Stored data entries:
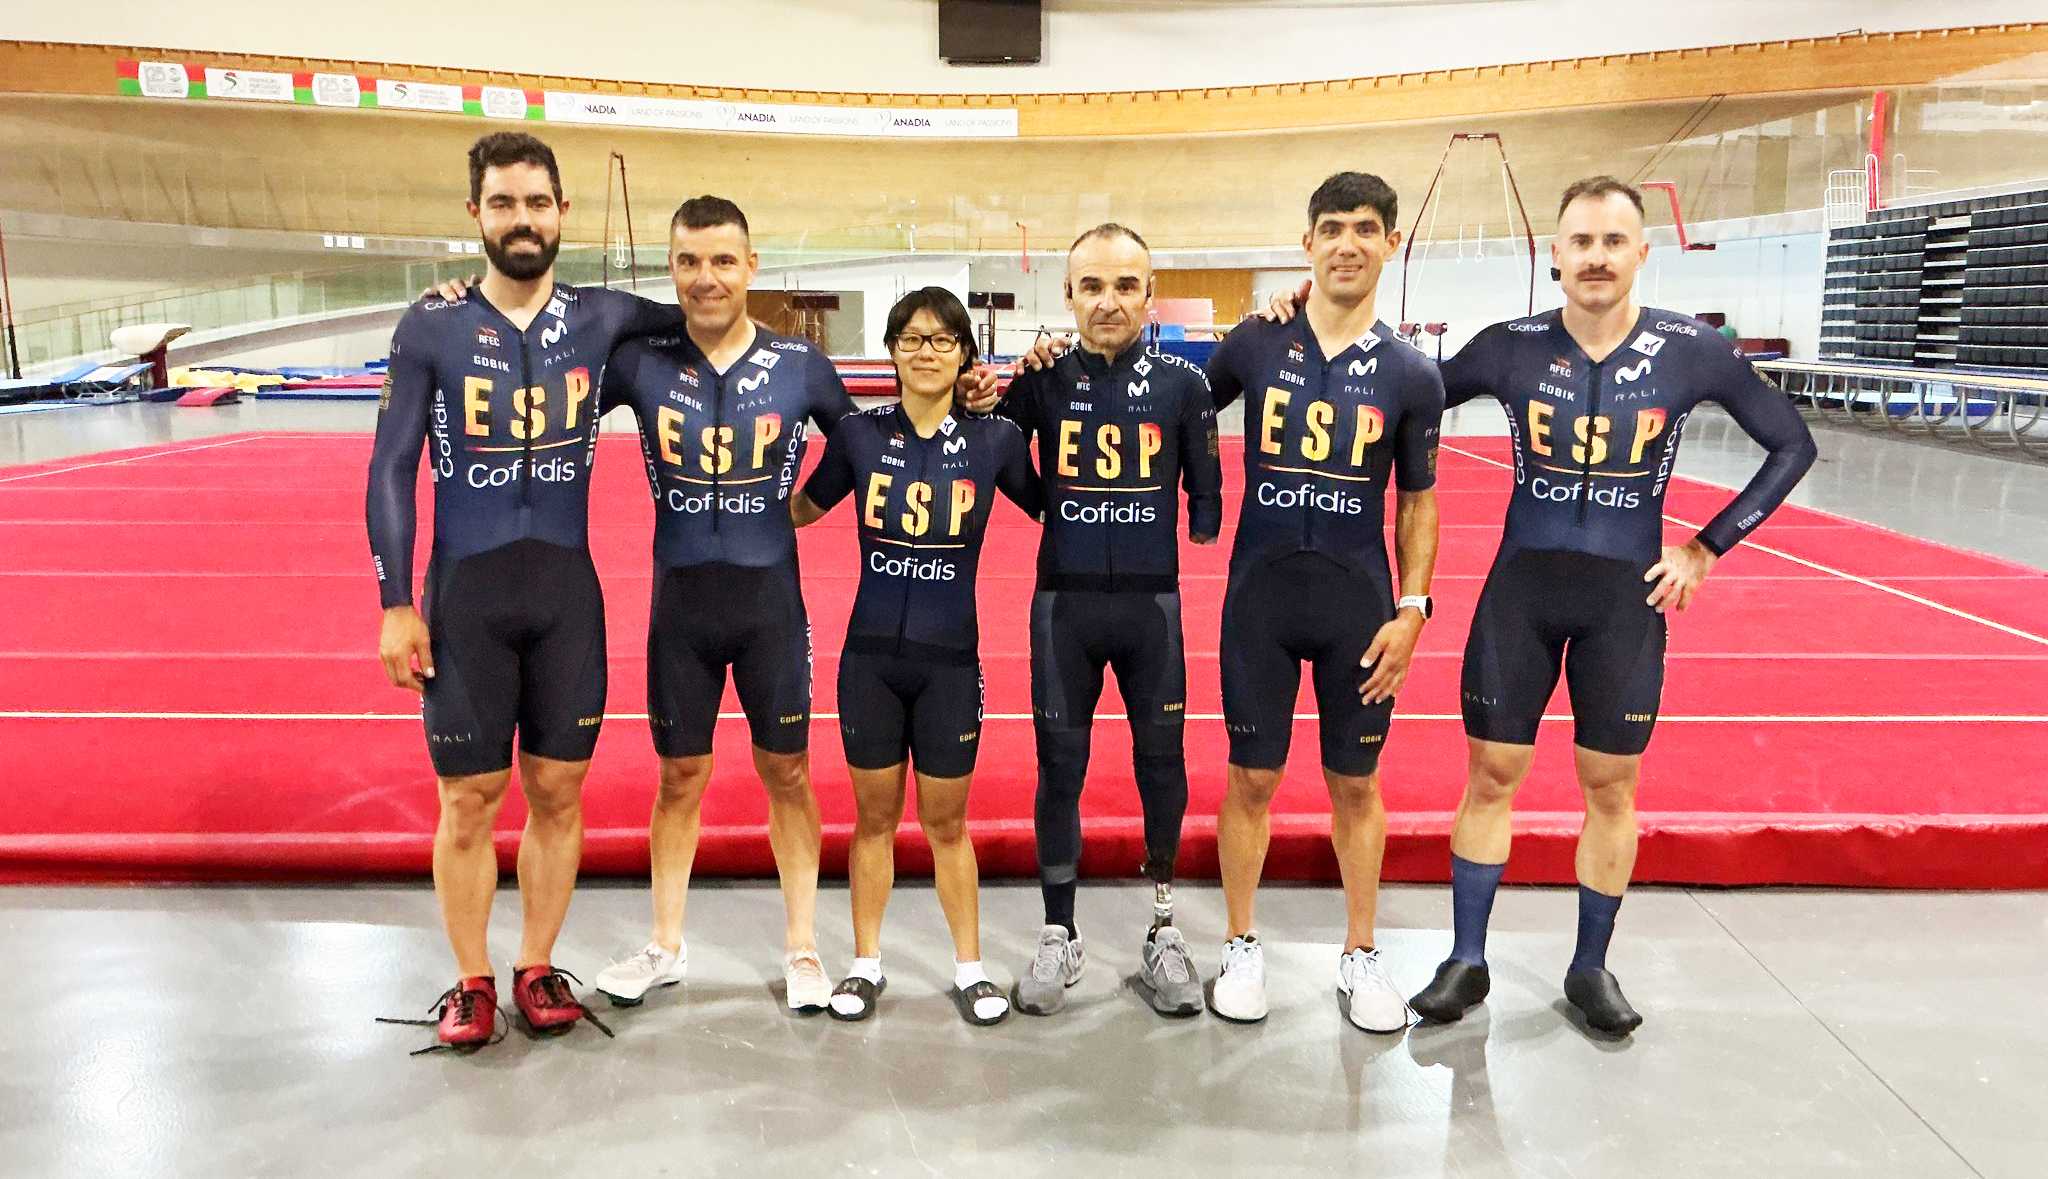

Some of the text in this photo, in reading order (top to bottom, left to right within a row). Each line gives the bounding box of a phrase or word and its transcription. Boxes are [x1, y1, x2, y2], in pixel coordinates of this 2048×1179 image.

[738, 112, 776, 123] ANADIA
[893, 118, 931, 128] ANADIA
[1508, 323, 1550, 333] Cofidis
[1655, 321, 1698, 337] Cofidis
[770, 341, 809, 353] Cofidis
[473, 355, 510, 373] GOBIK
[1279, 369, 1306, 387] GOBIK
[669, 390, 703, 412] GOBIK
[1538, 382, 1575, 402] GOBIK
[1070, 401, 1093, 412] GOBIK
[434, 389, 454, 478] Cofidis
[778, 421, 804, 501] Cofidis
[468, 457, 576, 489] Cofidis
[668, 489, 766, 514] Cofidis
[1257, 482, 1362, 515] Cofidis
[1531, 478, 1640, 509] Cofidis
[1060, 500, 1156, 524] Cofidis
[870, 551, 956, 580] Cofidis
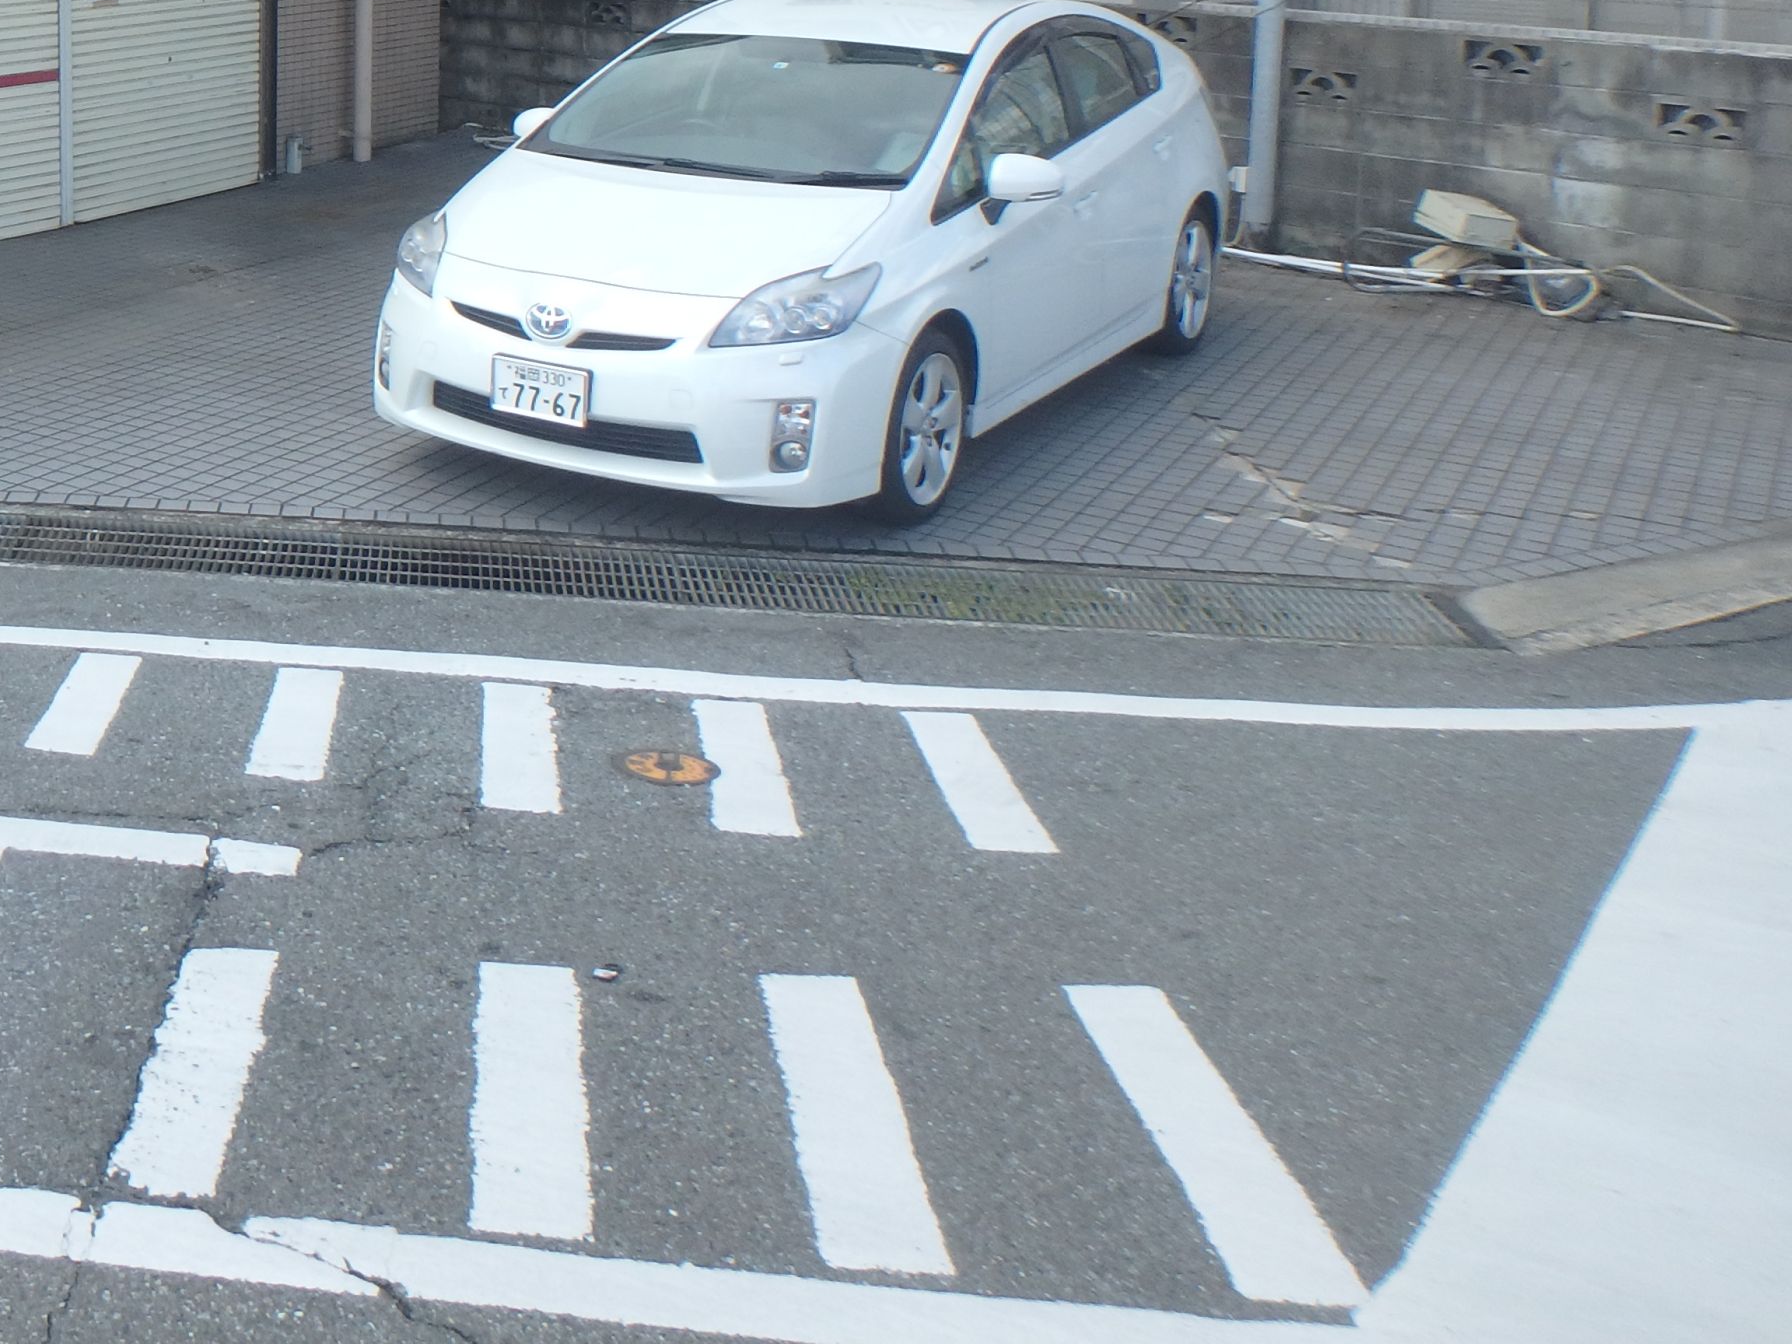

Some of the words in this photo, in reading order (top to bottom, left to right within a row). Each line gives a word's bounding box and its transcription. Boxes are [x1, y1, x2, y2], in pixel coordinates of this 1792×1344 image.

[514, 365, 540, 382] 福岡
[542, 370, 566, 387] 330
[498, 387, 509, 399] て
[513, 382, 582, 420] 77-67
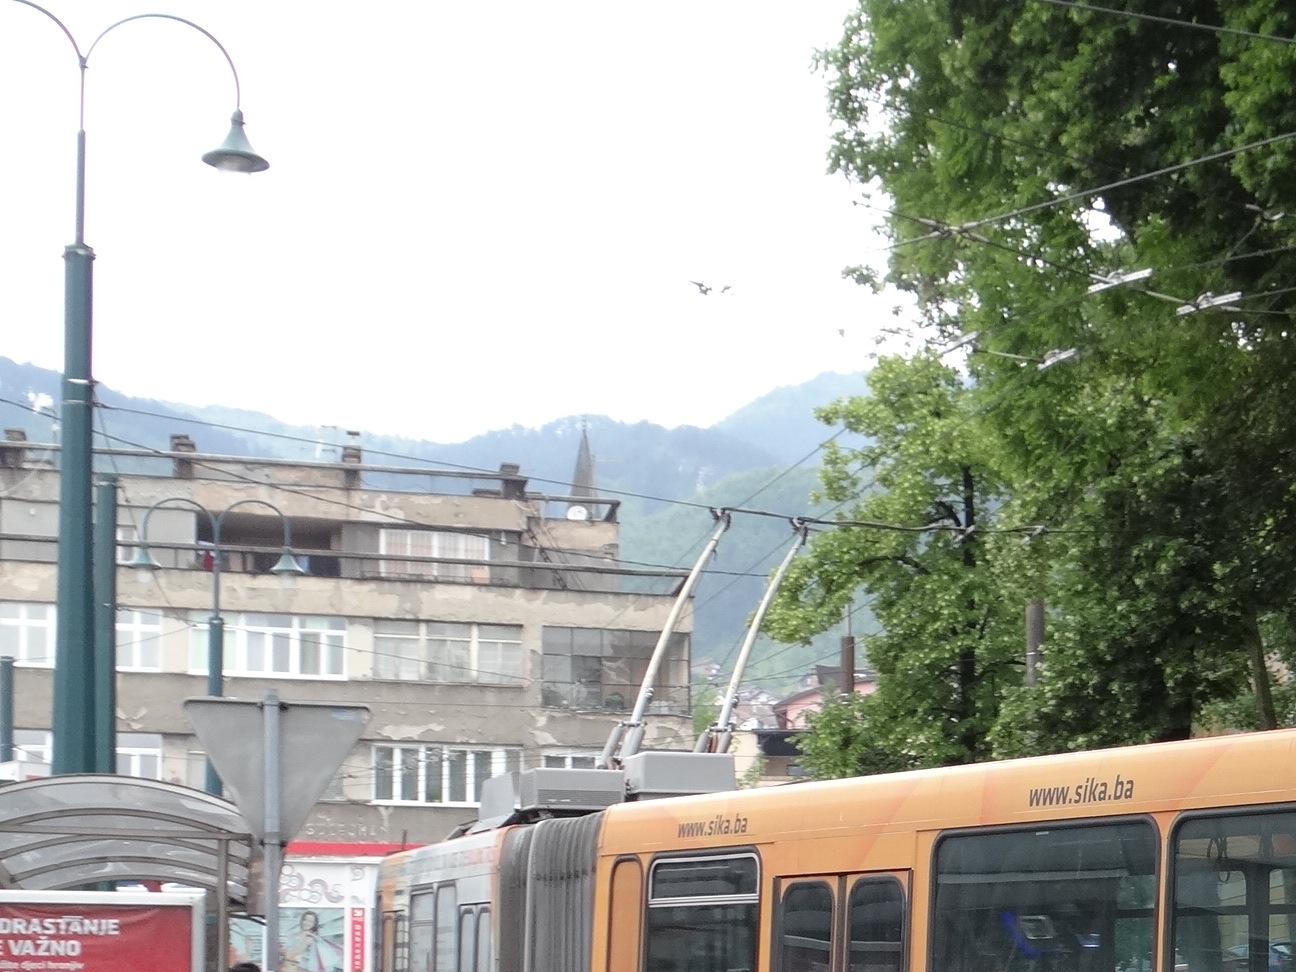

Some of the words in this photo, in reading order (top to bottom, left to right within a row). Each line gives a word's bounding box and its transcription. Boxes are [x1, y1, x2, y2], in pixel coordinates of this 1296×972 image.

[1028, 774, 1134, 807] www.sika.ba
[677, 813, 748, 838] www.sika.ba
[7, 936, 82, 956] VAŽNO

REQUIRED ACTION: The answer is the line holding "this 1296×972 image." and all the lines after it through the end of the records, repeated exactly.

COMPLETED EXERCISE:
Some of the words in this photo, in reading order (top to bottom, left to right within a row). Each line gives a word's bounding box and its transcription. Boxes are [x1, y1, x2, y2], in pixel coordinates of this 1296×972 image.

[1028, 774, 1134, 807] www.sika.ba
[677, 813, 748, 838] www.sika.ba
[7, 936, 82, 956] VAŽNO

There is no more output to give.